Francisco I, el nuevo papa de los claroscuros

Beam @Beam mié 13 mar 2013 16:14

En la transmisión hecha por la cadena internacional de noticias CNN escuché varios de los “aspectos positivos” del argentino Jorge Mario Bergoglio, elegido como nuevo papa hace unas pocas horas.

Los analistas del canal de noticias señalaron al cardenal Bergoglio como una persona humilde, no adicta a los lujos, que vivía solo en un departamento en donde él mismo preparaba sus alimentos. Nada que ver con los despilfarros de personajes de triste memoria pero tolerados por la Iglesia Católica como Juan Sandoval Íñiguez y muchos otros.

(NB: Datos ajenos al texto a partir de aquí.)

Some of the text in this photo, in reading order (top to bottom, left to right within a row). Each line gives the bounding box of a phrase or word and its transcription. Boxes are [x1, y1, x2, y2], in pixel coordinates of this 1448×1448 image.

Al carácter moderado de Francisco I y a su defensa de los pobres latinoamericanos, se le suman las “virtudes históricas” de ser el primer papa latinoamericano, argentino, no europeo y Jesuita.

Aparentes vientos del cambio, pues, parecen soplar en el vaticano.

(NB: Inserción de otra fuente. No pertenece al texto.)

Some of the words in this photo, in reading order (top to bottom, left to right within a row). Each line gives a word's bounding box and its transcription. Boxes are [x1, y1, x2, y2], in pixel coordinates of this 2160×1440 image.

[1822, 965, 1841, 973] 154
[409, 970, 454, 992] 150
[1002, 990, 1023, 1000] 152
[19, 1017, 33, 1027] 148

Sin embargo, dos aspectos empañan las esperanzas de que Bergoglio no adopte las actitudes intransigentes y retrógradas de sus predecesores, Juan Pablo II y Benedicto XVI.

El primero, es la férrea oposición del papa al aborto y a los matrimonios entre personas del mismo sexo. El repudio de Bergoglio a la aprobación del matrimonio gay en argentina lo llevó a enfrentarse a la presidenta Cristina Fernández.

El segundo son las acusaciones por la presunta colaboración entre el ahora conocido como Francisco I y la dictadura argentina de los setenta y ochenta. Incluso, circula en Twitter una imagen del nuevo papa dándole comunión al dictador Jorge Videla.

Con credenciales como estas, es difícil creer que Francisco I (o Francisco “a secas”, como nos corrigió el Vaticano), una persona de claroscuros, sea como nuevo papa más conciliador y menos ultraconservador que quienes le precedieron.